Le 8 août 1949, le magazine Life pose la question suivante : " Jackson Pollock : Est-il le plus grand peintre vivant des États-Unis ?" avec une photo de l'artiste adossé à l'une de ses peintures au goutte à goutte.

Les jeunes artistes qui ont suivi l'évolution de cette génération étaient moins convaincus par les artistes dont on disait qu'ils présentaient une expression sublime après l'autre, souvent en série, et ils se sont lassés de leurs postures d'héroïsme. Les artistes homosexuels, tels que Jasper Johns, Robert Rauschenberg, Andy Warhol et Ellsworth Kelly, se sentent également peu d'affinités avec les styles et la rhétorique machistes de l'école de New York. Certains, comme Johns, ont beaucoup appris des expressionnistes abstraits et ont poussé leur intérêt pour le geste autographique dans de nouvelles directions, introduisant des qualités d'ironie, d'ambiguïté et de réticence que l'ancienne génération n'aurait jamais pu tolérer. D'autres, comme Warhol, étaient trop fascinés par la culture pop de la rue pour avoir beaucoup en commun avec les nobles ambitions des buveurs invétérés tels que Pollock et de Kooning.

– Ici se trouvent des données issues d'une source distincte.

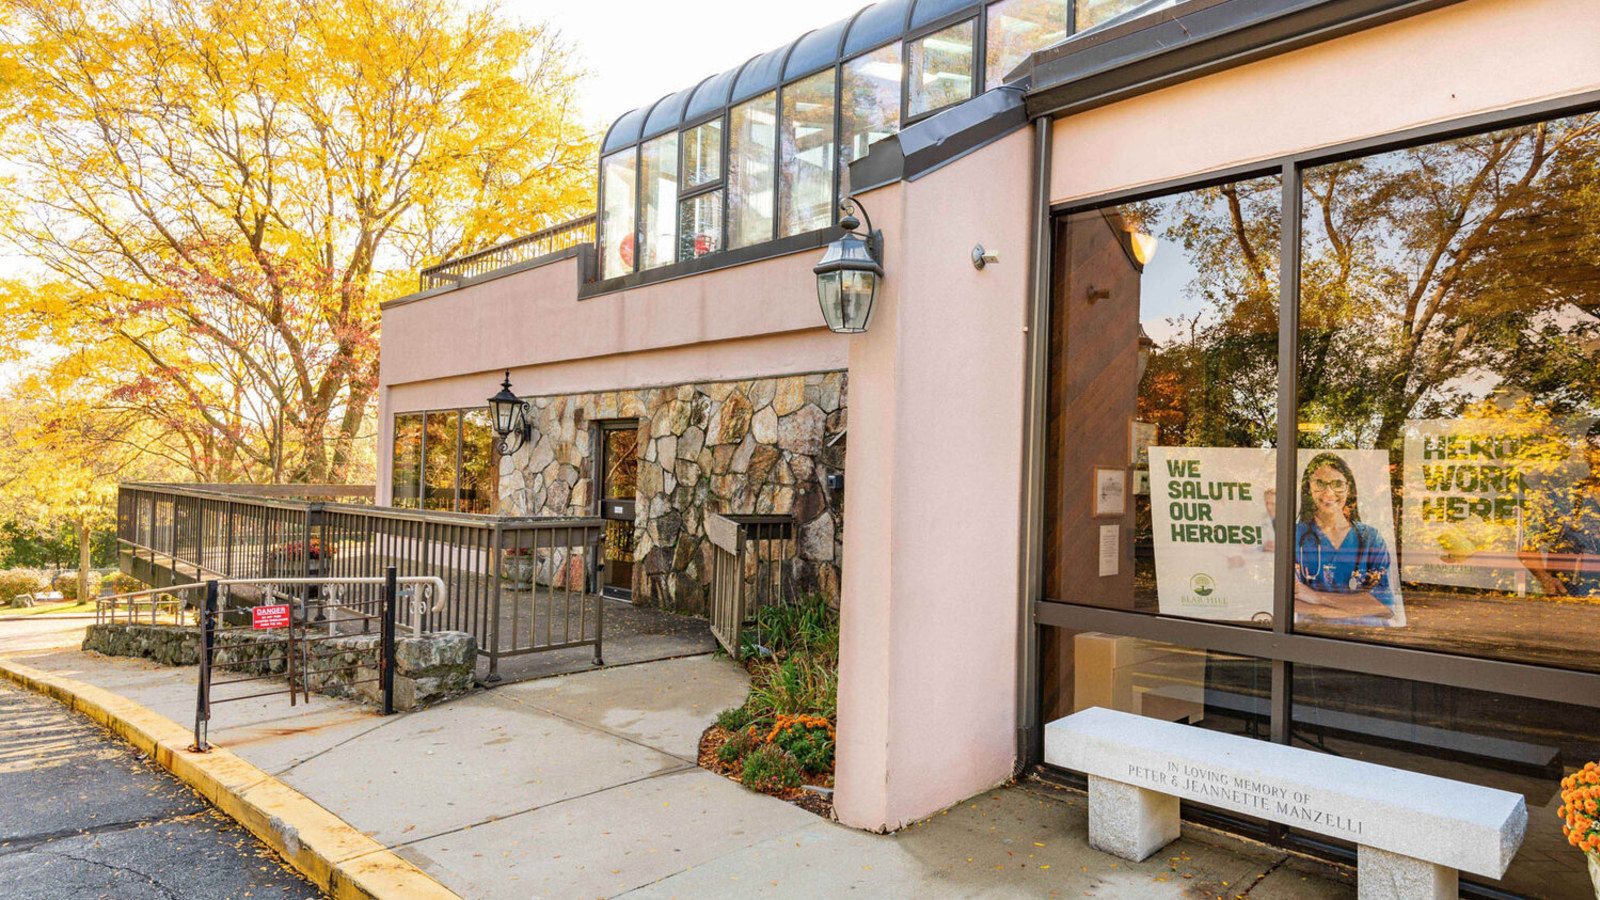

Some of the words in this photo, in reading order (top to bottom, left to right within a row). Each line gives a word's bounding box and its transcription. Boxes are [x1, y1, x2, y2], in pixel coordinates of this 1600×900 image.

À la fin des années 1950, l'expressionnisme abstrait avait entièrement perdu sa place au centre du débat critique et une nouvelle génération était sur le point de connaître le succès. Pourtant, l'héritage du mouvement devait être considérable. Allan Kaprow l'a pressenti dès 1958, lorsqu'il a écrit un article pour ART News intitulé "Quel est l'héritage de Jackson Pollock ?" Sa réponse allait au-delà de la peinture, et l'influence de Pollock s'est certainement fait sentir dans des domaines où la performance avait un rôle à jouer : il allait être important pour le mouvement japonais Gutai ainsi que pour les Actionnistes viennois. Mais l'influence du mouvement dans son ensemble continuera à être ressentie par les peintres qui mûriront au cours des décennies suivantes. Il a été important pour des artistes comme Dorothea Rockburne, Pat Steir, Susan Rothenberg et Jack Whitten dans les années 1970. Sa rhétorique - sinon son exemple direct - sera importante pour de nombreux néo-expressionnistes dans les années 1980, comme Julian Schnabel et Jean-Michel Basquiat. Et dans les années 1990, elle a de nouveau servi d'exemple à des peintres tels que Cecily Brown. Les thèmes et les concepts qui ont inspiré l'expressionnisme abstrait ont peut-être perdu leur pouvoir d'attraction sur les jeunes artistes, mais les réalisations du mouvement continuent de leur fournir des critères d'évaluation.

En 2016, les dames du mouvement ont enfin reçu leur dû lorsque le Denver Art Museum a compilé l'exposition itinérante Women of Abstraction. C'était la première reconnaissance organisée majeure de plus de cinquante pièces importantes vues ensemble comme un tout cohérent.